Malam ini Sakha berbaring di kamarnya bersama Kartika sambil menonton tv. "Ngantuk deh," gumam kakak perempuan Sakha itu. "Ya tidur lah, kak."

"Engga ah. Eh, pinjem komputer dong, Ka. Mau main minecraft."

"Ya main ajalah. Passnya 'anak kecebong' gak pake spasi," Sakha memberitahu sandi komputernya. "Sip," Kartika berdiri dan menyalakan komputer Sakha.

Sebuah pesan teks masuk ke ponsel Sakha. Dari Ray.

Bryan Dewanto: Ka

Sakha Samudra: kenapa Yen?

Bryan Dewanto: Ke pos bisa? Ada yg mau gua omongin

Sakha Samudra: kapan? Kuylah sekarang

Bryan Dewanto: yxgq. Lu kesini dah. Gw udah di pos :v

Sakha Samudra: siap bang

"Kak, Sakha ke pos dulu ya. Mau main sama Ray," izin Sakha. Kartika mengangguk. Tatapannya masih fokus ke layar pc. Sakha bangkit dan keluar rumah. Dia memakai sendal dan berjalan menuju pos.

"Wasap bro," sapa Sakha. "Gimana tadi?" Sakha buru-buru melepas sendalnya dan naik ke pos untuk mendengarkan cerita Ray. "Menanglah," Ray terlihat senang. "Eh, btw pak Sutarjo mana?" tanya Sakha sambil membenarkan posisi duduknya. 

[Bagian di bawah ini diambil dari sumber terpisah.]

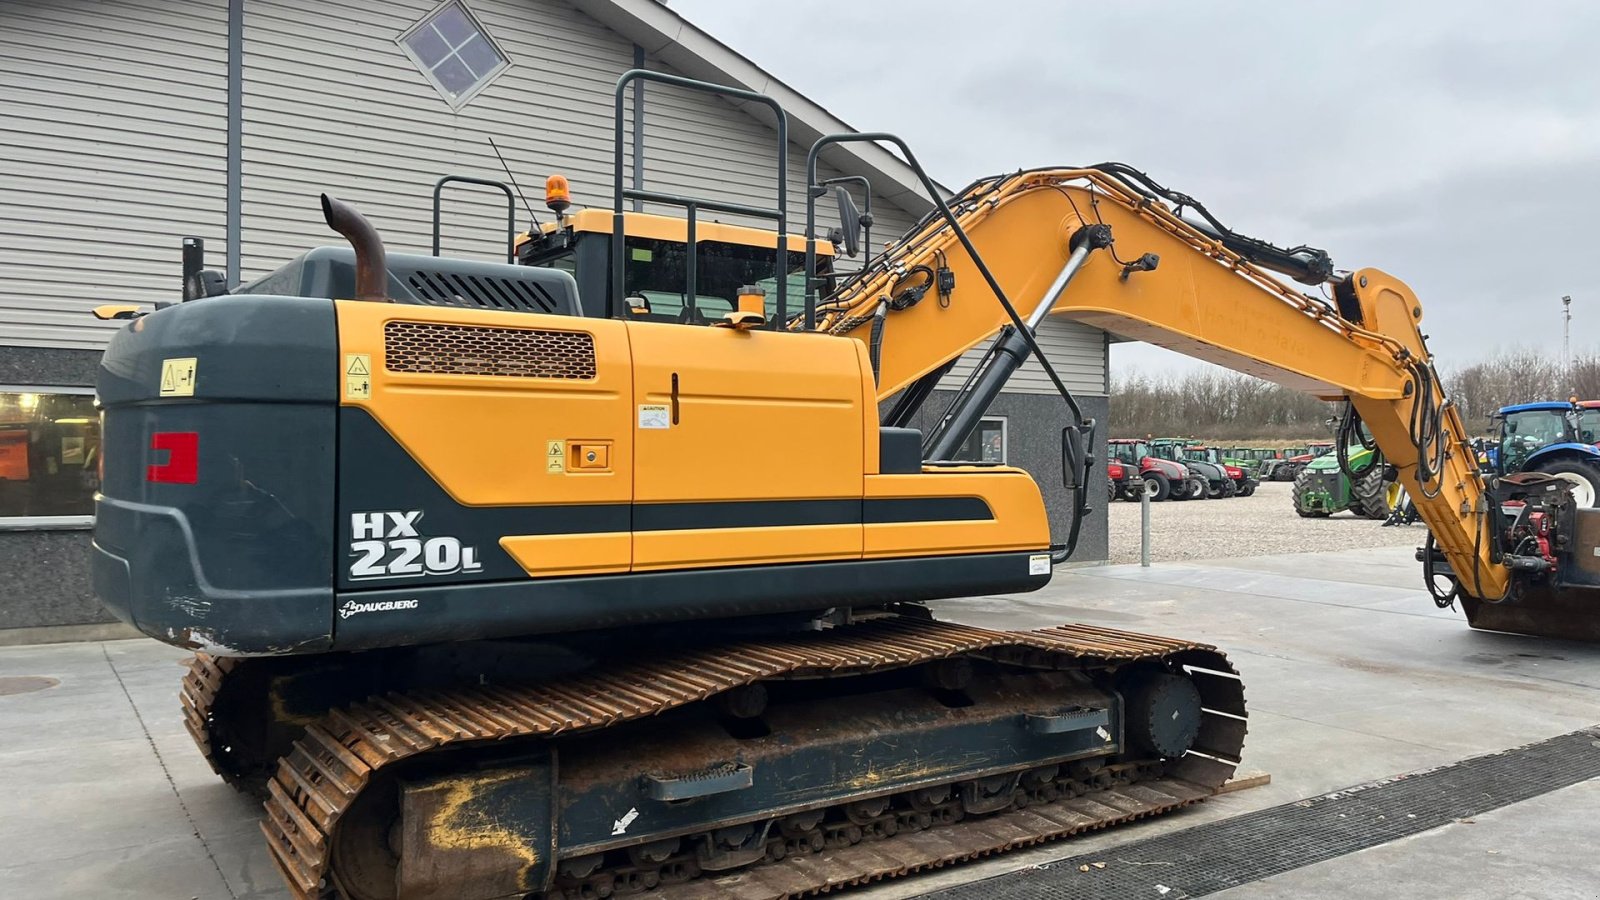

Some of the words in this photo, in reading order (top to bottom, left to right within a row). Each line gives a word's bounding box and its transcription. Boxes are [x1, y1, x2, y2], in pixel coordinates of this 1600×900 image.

[351, 511, 422, 539] HX
[350, 537, 482, 578] 220L
[355, 600, 418, 613] DAUGBJERG

"Lagi keliling. Gua disuruh jaga sini. Tadi pas kebetulan gua balik dari warung," jelas Ray. Sakha mengangguk. "Jadi lu mau cerita apa, bro?"

"Jadi gini, Ka," Ray memulai pembicaraan. 

"Tadi, gua sama ada anak kelas 9B dapet tawaran sekolah di luar negeri gitu. Mungkin kayak beasiswa. Dan itu ke Jerman, cuy."

"Ya ambil lah Yen. Sayang tuh kalo lu sia-siain. Bapak lu setuju kan?"

"Setuju. Tapi elu gimana. Masa gua harus ninggalin big bro yanh udah kek kembaran gua ini?"

"Jangan pikirin gua bro. Pikirin masa depan lu. Nanti, waktu kita sama-sama sukses, lu naik pesawat, gua yang nyupirin. Mantep ga tuh?"

"Weish, mantep dah. Tapi gimane ya? Galau gua jadinya."

"UN tinggal dihitung pake jari. 10 hari lagi, Yen. Kita fokus sama UN aja dulu. Kita berjuang sama-sama," Sakha tersenyum.